**TASK ITEM**
Taking the line with "this 1288×966 image." as the first and the line with "this 1280×1707 image." as the last, set down the lines below exactly, pictures excluded.

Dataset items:
_ _ _ _ _ _ _

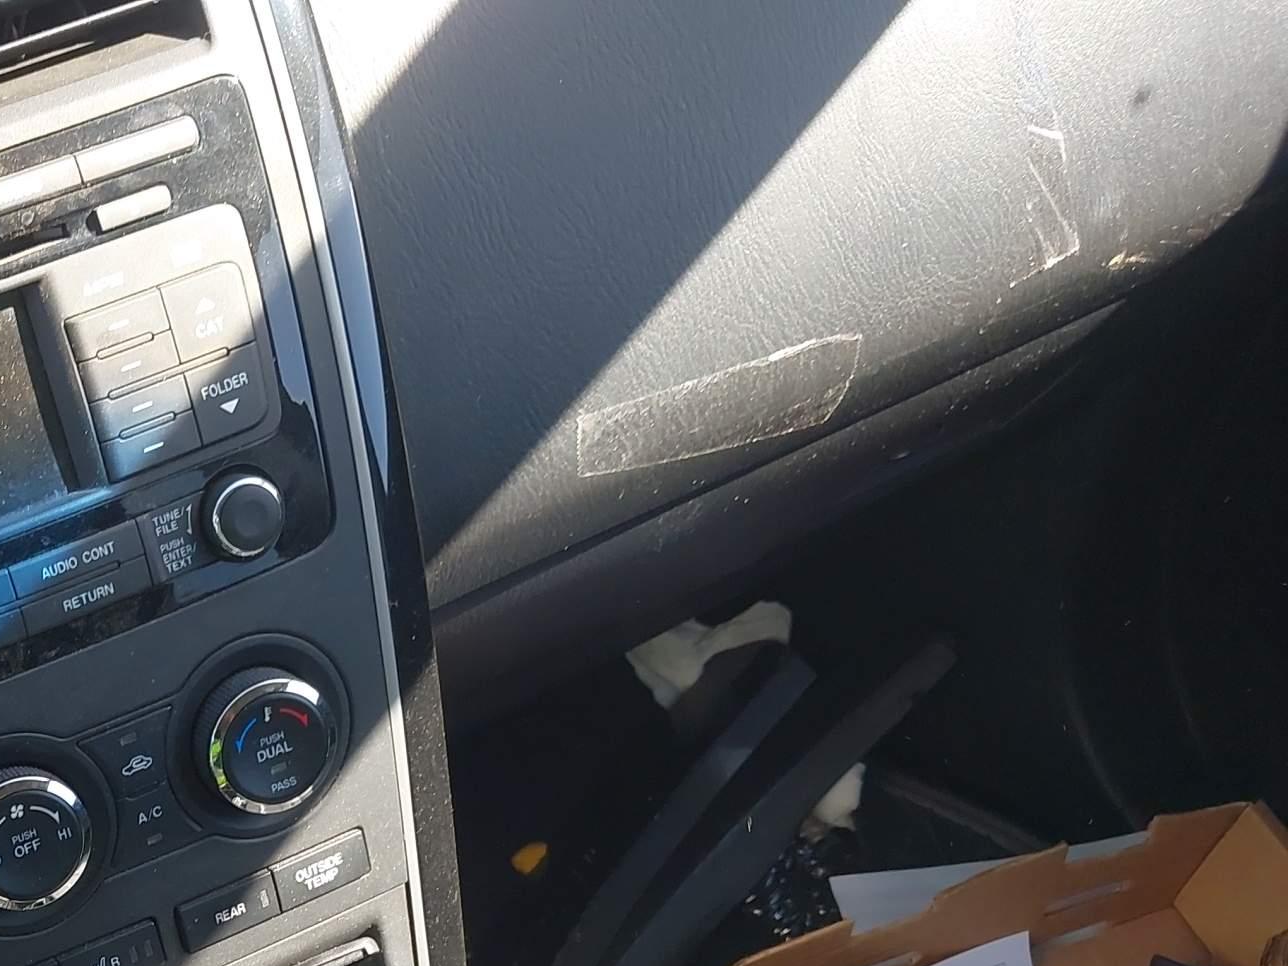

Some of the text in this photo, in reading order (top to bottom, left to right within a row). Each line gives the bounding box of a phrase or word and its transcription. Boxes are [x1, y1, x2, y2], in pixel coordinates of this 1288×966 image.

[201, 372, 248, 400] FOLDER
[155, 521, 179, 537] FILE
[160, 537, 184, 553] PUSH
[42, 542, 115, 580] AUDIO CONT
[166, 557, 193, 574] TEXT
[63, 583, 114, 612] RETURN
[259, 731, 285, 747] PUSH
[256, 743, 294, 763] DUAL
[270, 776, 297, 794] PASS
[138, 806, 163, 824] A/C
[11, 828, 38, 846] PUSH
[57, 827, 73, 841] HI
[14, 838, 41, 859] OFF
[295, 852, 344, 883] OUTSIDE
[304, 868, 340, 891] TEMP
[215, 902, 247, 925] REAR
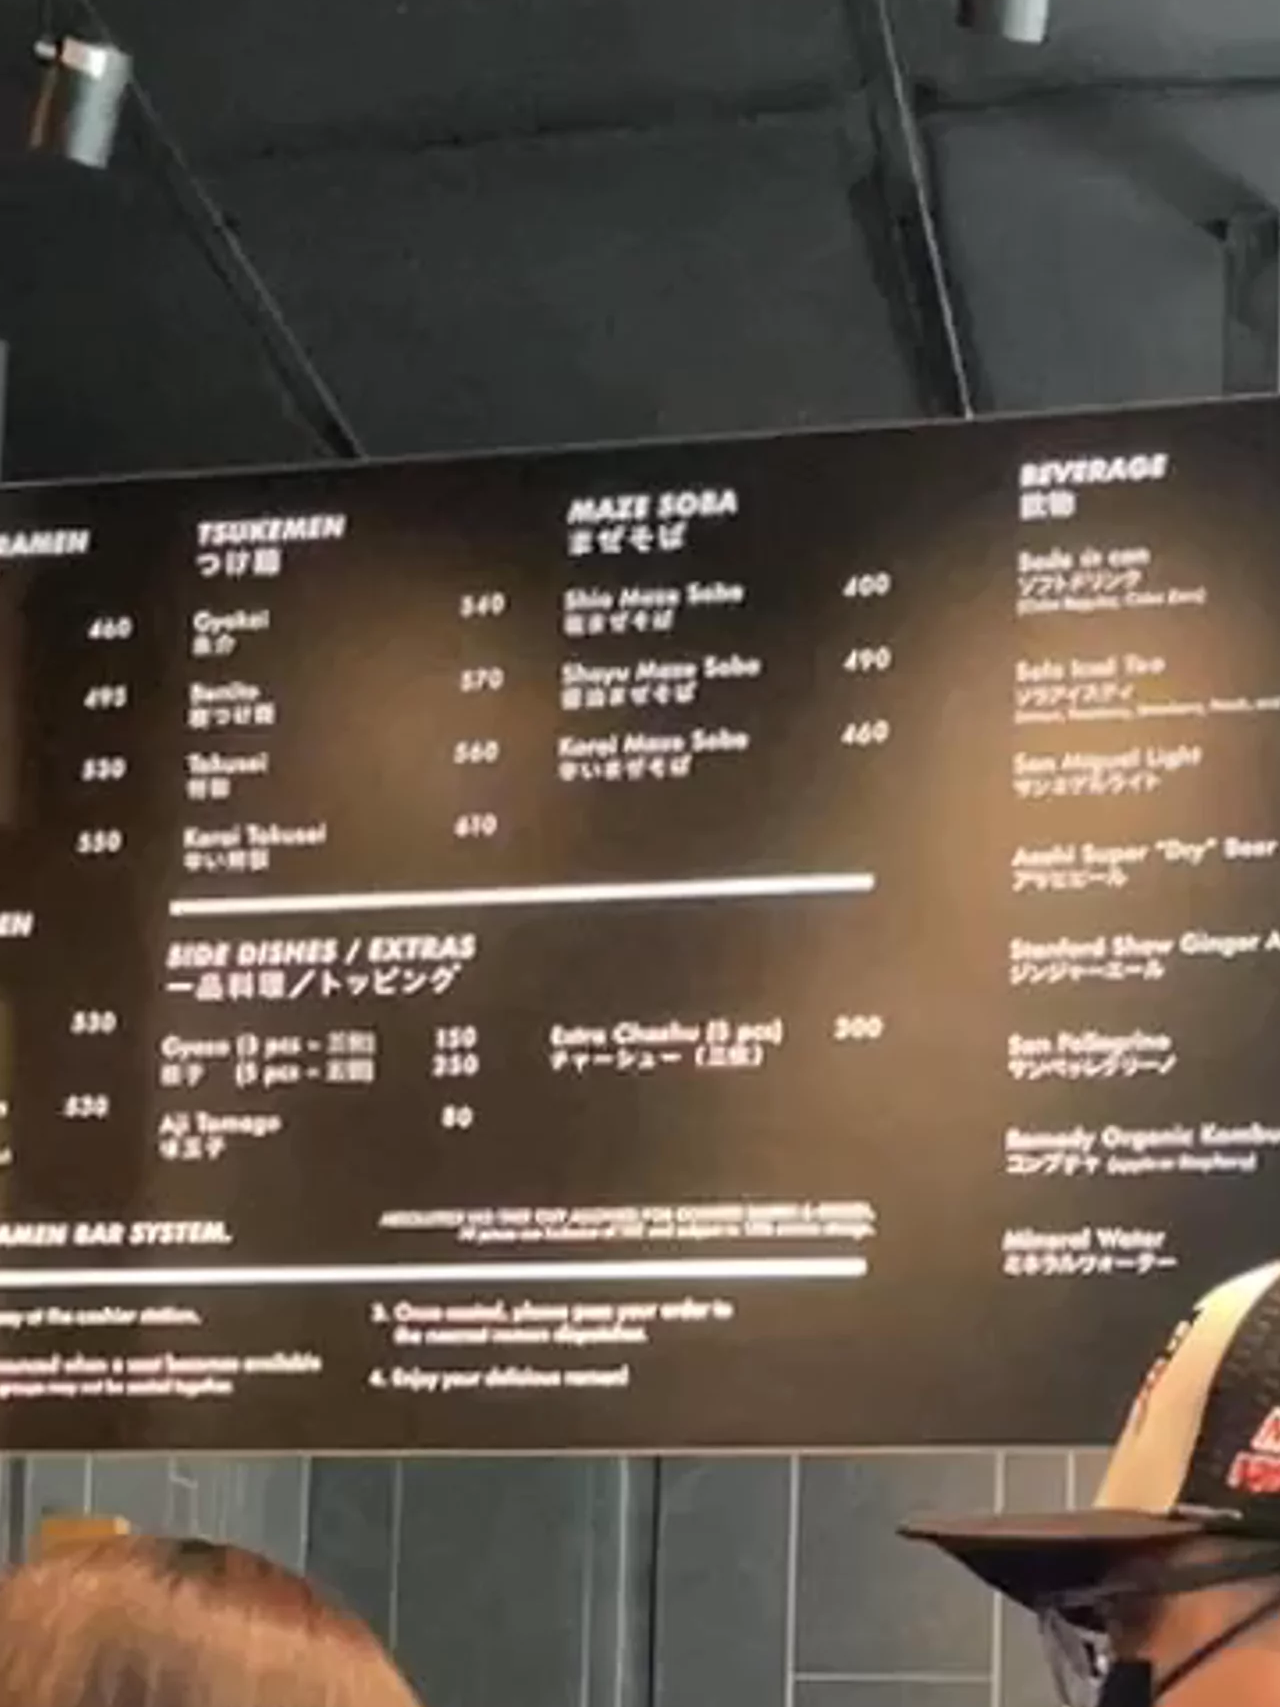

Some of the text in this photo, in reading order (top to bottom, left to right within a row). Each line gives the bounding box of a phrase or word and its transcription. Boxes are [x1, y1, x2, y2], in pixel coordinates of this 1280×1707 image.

_ _ _ _ _ _ _

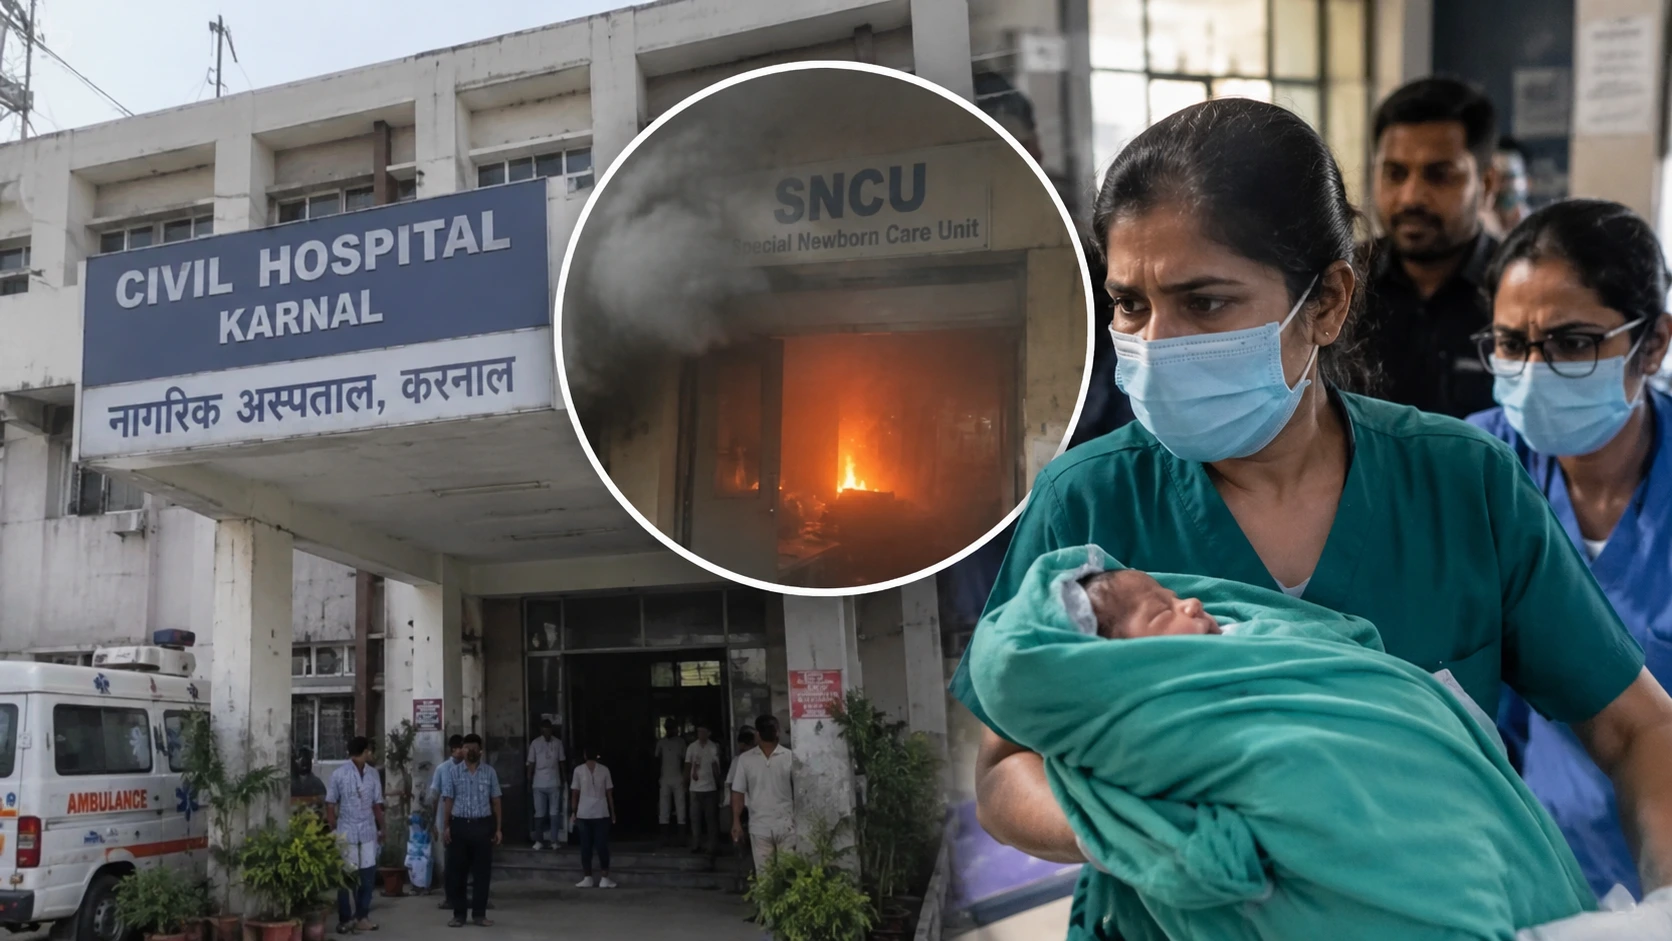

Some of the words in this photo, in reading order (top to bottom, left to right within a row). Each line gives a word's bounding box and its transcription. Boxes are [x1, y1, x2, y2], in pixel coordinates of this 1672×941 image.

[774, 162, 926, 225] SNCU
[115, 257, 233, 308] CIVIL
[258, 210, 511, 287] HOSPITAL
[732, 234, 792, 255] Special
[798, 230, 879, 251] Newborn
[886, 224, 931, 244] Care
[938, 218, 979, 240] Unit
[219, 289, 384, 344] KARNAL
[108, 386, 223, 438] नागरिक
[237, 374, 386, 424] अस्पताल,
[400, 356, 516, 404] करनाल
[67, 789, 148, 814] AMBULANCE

_ _ _ _ _ _ _

**EXERCISE SOLUTION**
Some of the text in this photo, in reading order (top to bottom, left to right within a row). Each line gives the bounding box of a phrase or word and its transcription. Boxes are [x1, y1, x2, y2], in pixel coordinates of this 1288×966 image.

[201, 372, 248, 400] FOLDER
[155, 521, 179, 537] FILE
[160, 537, 184, 553] PUSH
[42, 542, 115, 580] AUDIO CONT
[166, 557, 193, 574] TEXT
[63, 583, 114, 612] RETURN
[259, 731, 285, 747] PUSH
[256, 743, 294, 763] DUAL
[270, 776, 297, 794] PASS
[138, 806, 163, 824] A/C
[11, 828, 38, 846] PUSH
[57, 827, 73, 841] HI
[14, 838, 41, 859] OFF
[295, 852, 344, 883] OUTSIDE
[304, 868, 340, 891] TEMP
[215, 902, 247, 925] REAR

Some of the text in this photo, in reading order (top to bottom, left to right within a row). Each line gives the bounding box of a phrase or word and its transcription. Boxes are [x1, y1, x2, y2], in pixel coordinates of this 1280×1707 image.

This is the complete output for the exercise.